Your task
Repeat everything in the data exactly except images.

Records supplied
........

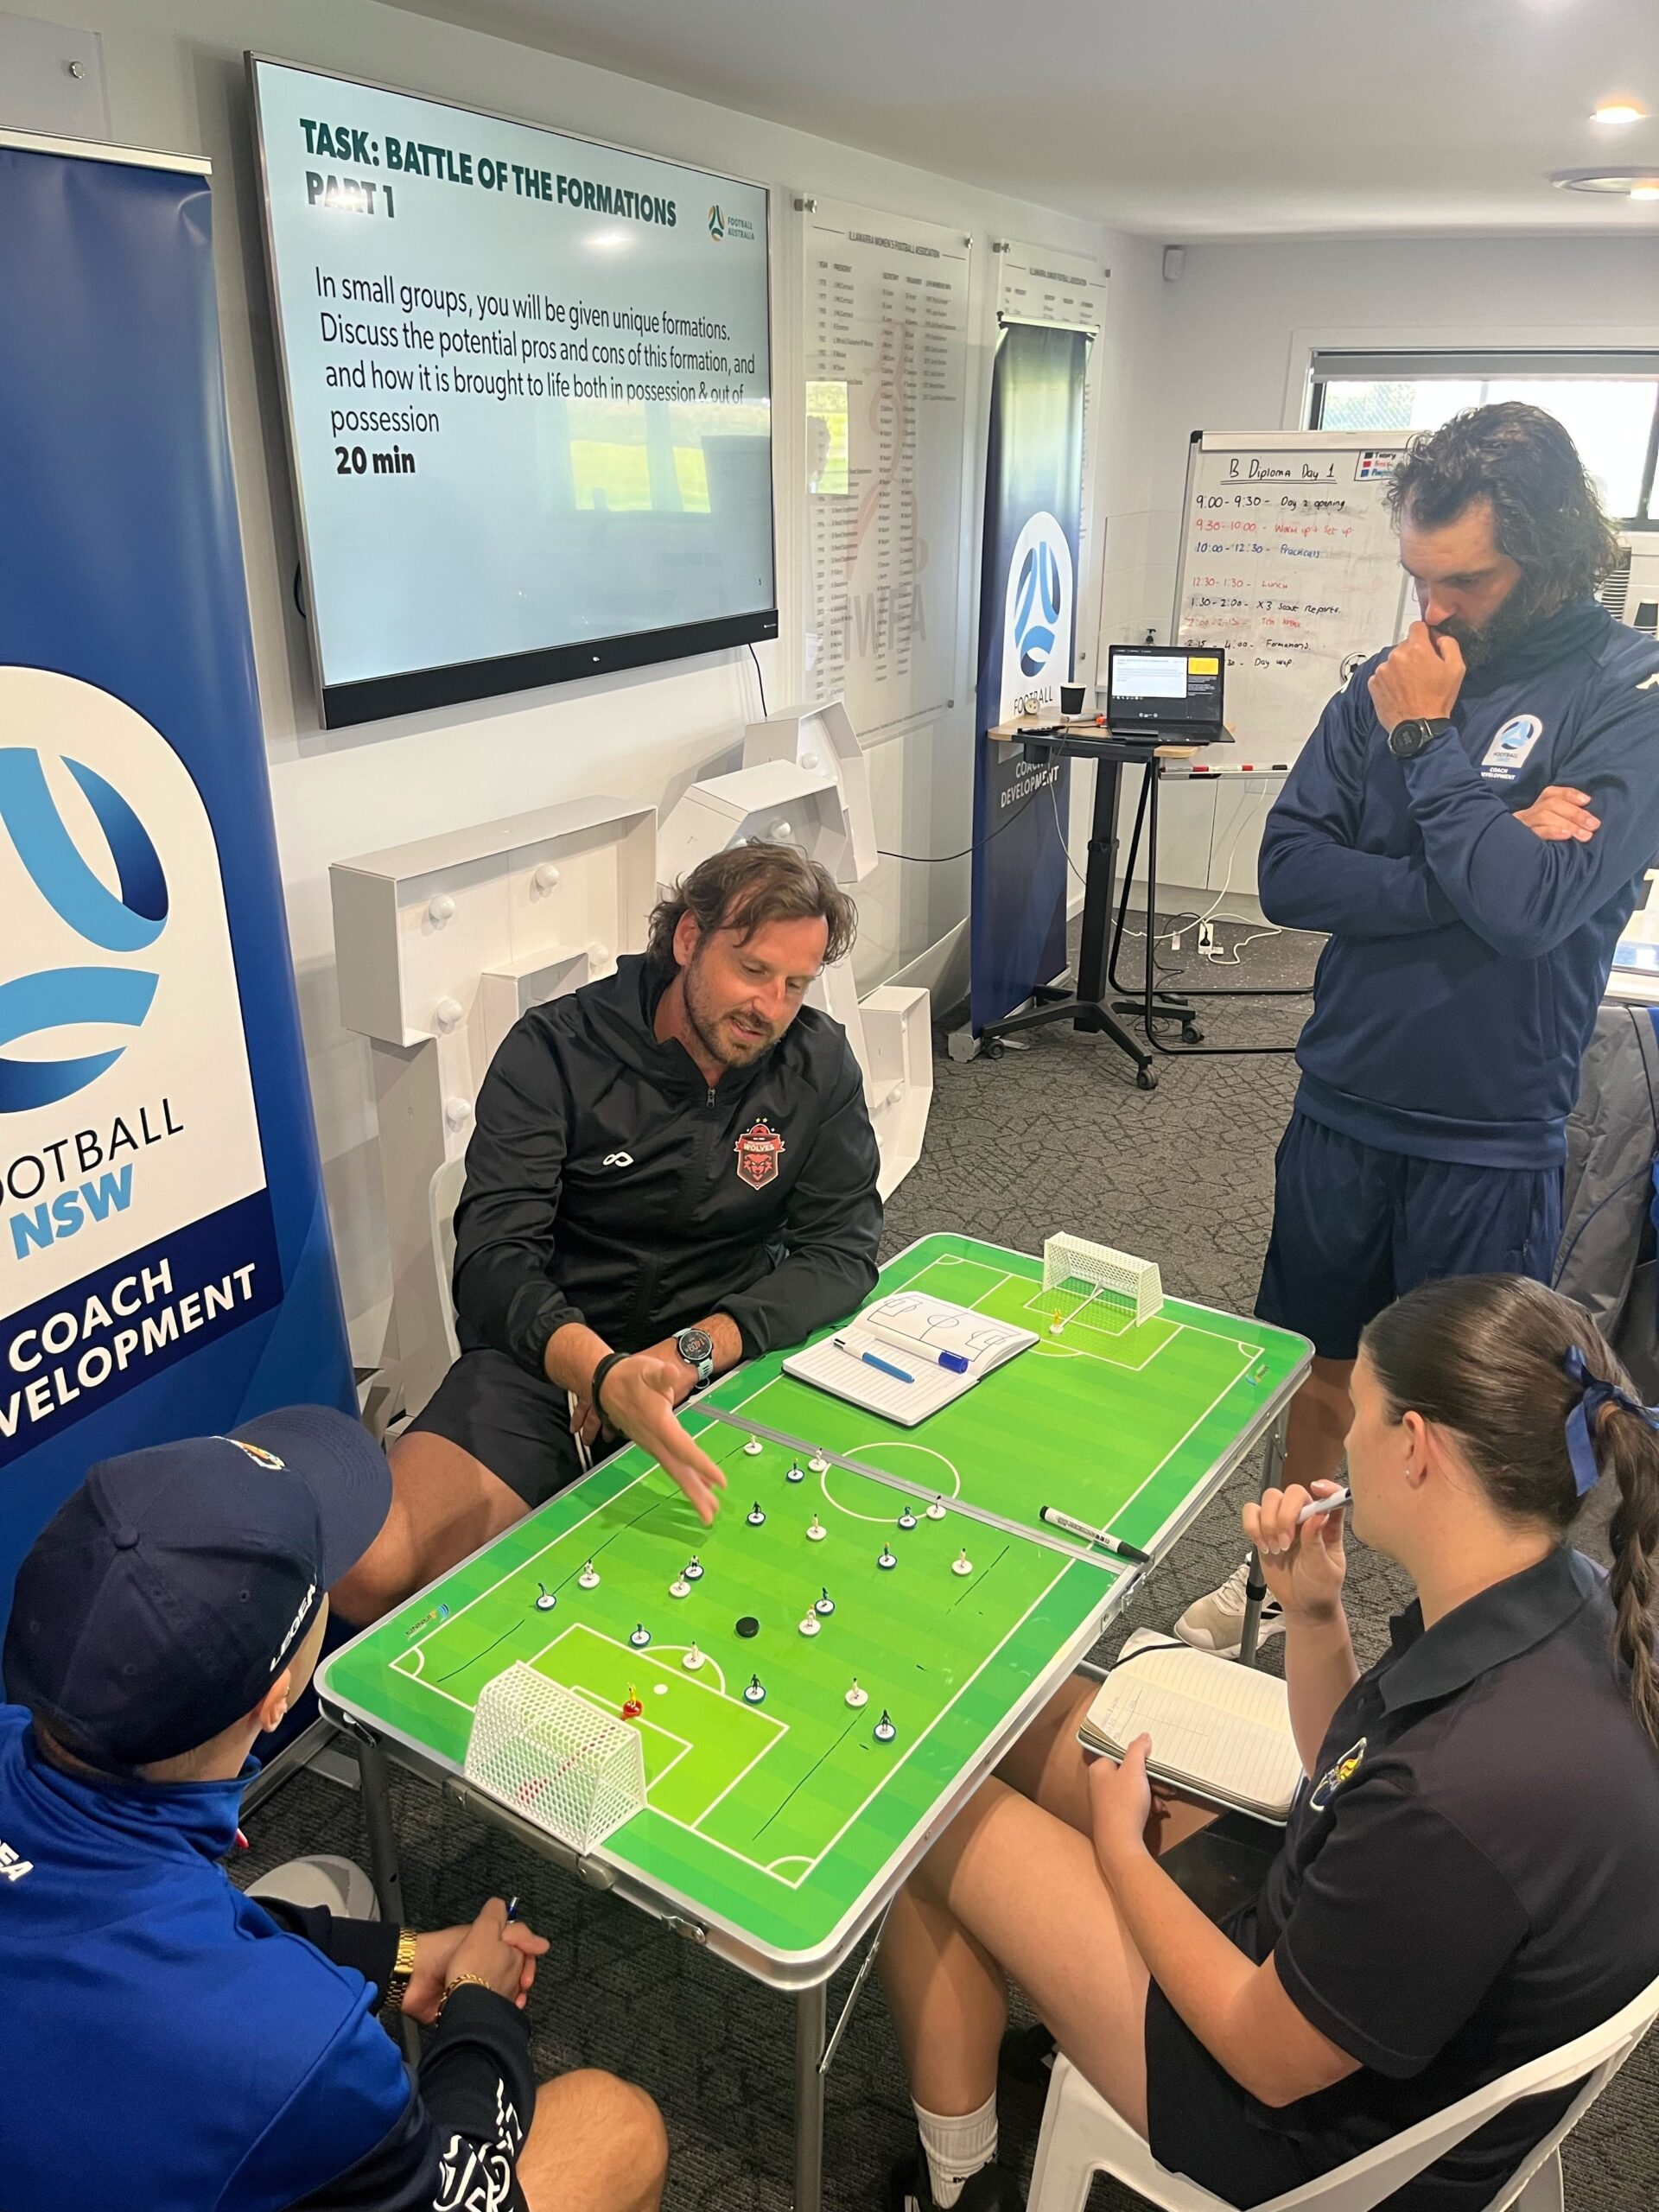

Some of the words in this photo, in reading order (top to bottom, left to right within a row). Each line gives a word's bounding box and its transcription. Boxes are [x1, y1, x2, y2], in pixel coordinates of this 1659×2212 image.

[300, 118, 380, 167] TASK:
[385, 137, 474, 186] BATTLE
[478, 157, 508, 192] OF
[512, 164, 553, 202] THE
[556, 175, 677, 227] FORMATIONS
[305, 170, 377, 215] PART
[383, 184, 395, 219] 1
[728, 217, 753, 231] FOOTBALL
[728, 227, 755, 240] AUSTRALIA
[315, 266, 336, 298] In
[342, 275, 395, 304] small
[400, 285, 473, 318] groups,
[476, 294, 509, 321] you
[512, 294, 541, 321] will
[545, 296, 565, 322] be
[569, 300, 609, 330] given
[613, 307, 659, 337] unique
[662, 311, 730, 341] formations.
[321, 311, 398, 347] Discuss
[403, 321, 434, 350] the
[439, 328, 517, 358] potential
[521, 338, 556, 363] pros
[560, 338, 588, 363] and
[592, 345, 625, 365] cons
[628, 342, 642, 366] of
[644, 344, 667, 368] this
[670, 346, 732, 376] formation,
[734, 353, 755, 374] and
[325, 359, 365, 388] and
[371, 360, 414, 391] how
[418, 364, 432, 391] it
[435, 365, 449, 392] is
[454, 365, 524, 401] brought
[527, 372, 544, 397] to
[547, 372, 569, 397] life
[574, 373, 607, 399] both
[610, 376, 623, 400] in
[626, 380, 696, 406] possession
[698, 381, 709, 404] &
[710, 385, 730, 404] out
[732, 384, 744, 404] of
[330, 404, 439, 438] possession
[334, 446, 367, 474] 20
[372, 445, 416, 474] min
[1230, 458, 1239, 478] B
[1249, 459, 1291, 480] Diploma
[1302, 463, 1319, 480] Day
[1326, 462, 1334, 478] 1
[1281, 496, 1298, 511] Day
[1313, 499, 1345, 512] opening
[1255, 658, 1270, 669] Day
[1001, 765, 1060, 809] DEVELOPMENT
[0, 1097, 185, 1206] OTBALL
[744, 1142, 775, 1152] WOLVES
[9, 1162, 134, 1261] NSW
[8, 1257, 174, 1373] COACH
[0, 1262, 257, 1439] VELOPMENT
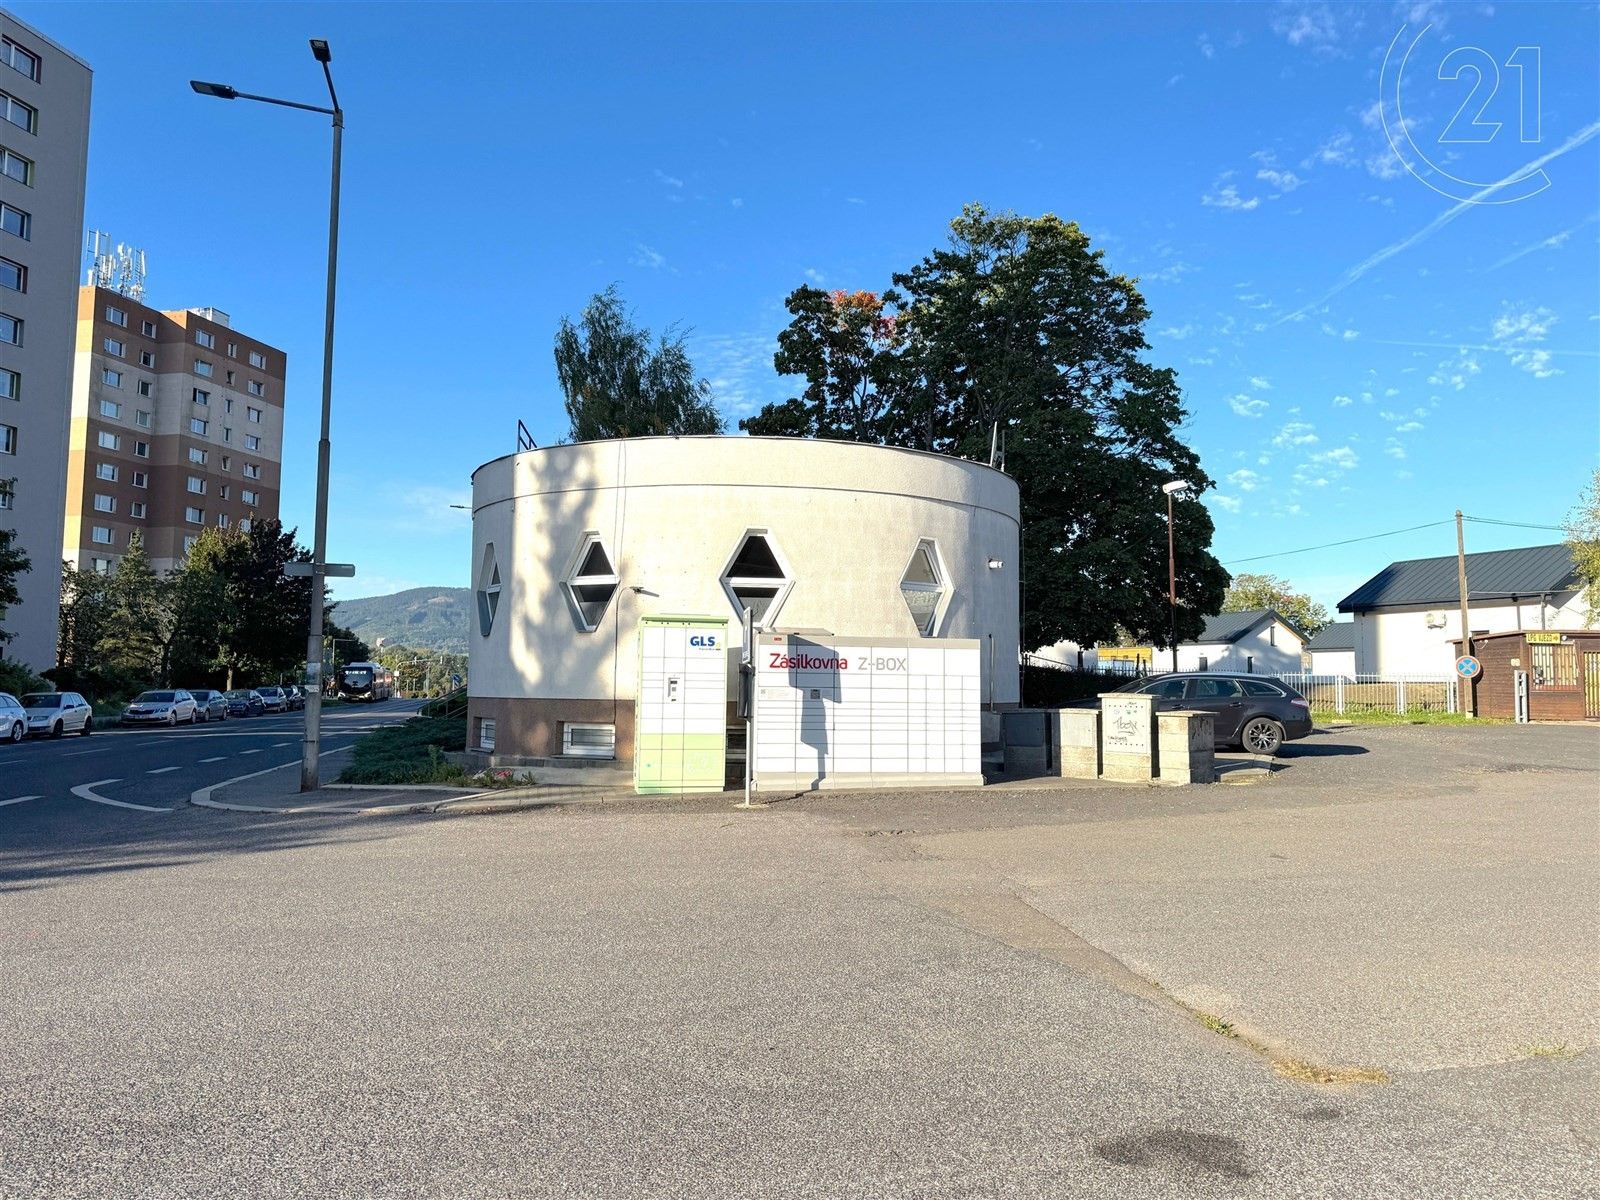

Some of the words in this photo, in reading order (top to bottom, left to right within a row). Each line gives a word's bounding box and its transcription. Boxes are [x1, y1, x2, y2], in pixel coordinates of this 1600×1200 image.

[690, 636, 715, 647] GLS
[769, 653, 848, 670] Zásilkovna
[858, 657, 906, 671] Z-BOX

........

Result of the task
Some of the words in this photo, in reading order (top to bottom, left to right within a row). Each line gives a word's bounding box and its transcription. Boxes are [x1, y1, x2, y2], in pixel coordinates of this 1659×2212 image.

[300, 118, 380, 167] TASK:
[385, 137, 474, 186] BATTLE
[478, 157, 508, 192] OF
[512, 164, 553, 202] THE
[556, 175, 677, 227] FORMATIONS
[305, 170, 377, 215] PART
[383, 184, 395, 219] 1
[728, 217, 753, 231] FOOTBALL
[728, 227, 755, 240] AUSTRALIA
[315, 266, 336, 298] In
[342, 275, 395, 304] small
[400, 285, 473, 318] groups,
[476, 294, 509, 321] you
[512, 294, 541, 321] will
[545, 296, 565, 322] be
[569, 300, 609, 330] given
[613, 307, 659, 337] unique
[662, 311, 730, 341] formations.
[321, 311, 398, 347] Discuss
[403, 321, 434, 350] the
[439, 328, 517, 358] potential
[521, 338, 556, 363] pros
[560, 338, 588, 363] and
[592, 345, 625, 365] cons
[628, 342, 642, 366] of
[644, 344, 667, 368] this
[670, 346, 732, 376] formation,
[734, 353, 755, 374] and
[325, 359, 365, 388] and
[371, 360, 414, 391] how
[418, 364, 432, 391] it
[435, 365, 449, 392] is
[454, 365, 524, 401] brought
[527, 372, 544, 397] to
[547, 372, 569, 397] life
[574, 373, 607, 399] both
[610, 376, 623, 400] in
[626, 380, 696, 406] possession
[698, 381, 709, 404] &
[710, 385, 730, 404] out
[732, 384, 744, 404] of
[330, 404, 439, 438] possession
[334, 446, 367, 474] 20
[372, 445, 416, 474] min
[1230, 458, 1239, 478] B
[1249, 459, 1291, 480] Diploma
[1302, 463, 1319, 480] Day
[1326, 462, 1334, 478] 1
[1281, 496, 1298, 511] Day
[1313, 499, 1345, 512] opening
[1255, 658, 1270, 669] Day
[1001, 765, 1060, 809] DEVELOPMENT
[0, 1097, 185, 1206] OTBALL
[744, 1142, 775, 1152] WOLVES
[9, 1162, 134, 1261] NSW
[8, 1257, 174, 1373] COACH
[0, 1262, 257, 1439] VELOPMENT

Some of the words in this photo, in reading order (top to bottom, left to right within a row). Each line gives a word's bounding box and its transcription. Boxes are [x1, y1, x2, y2], in pixel coordinates of this 1600×1200 image.

[690, 636, 715, 647] GLS
[769, 653, 848, 670] Zásilkovna
[858, 657, 906, 671] Z-BOX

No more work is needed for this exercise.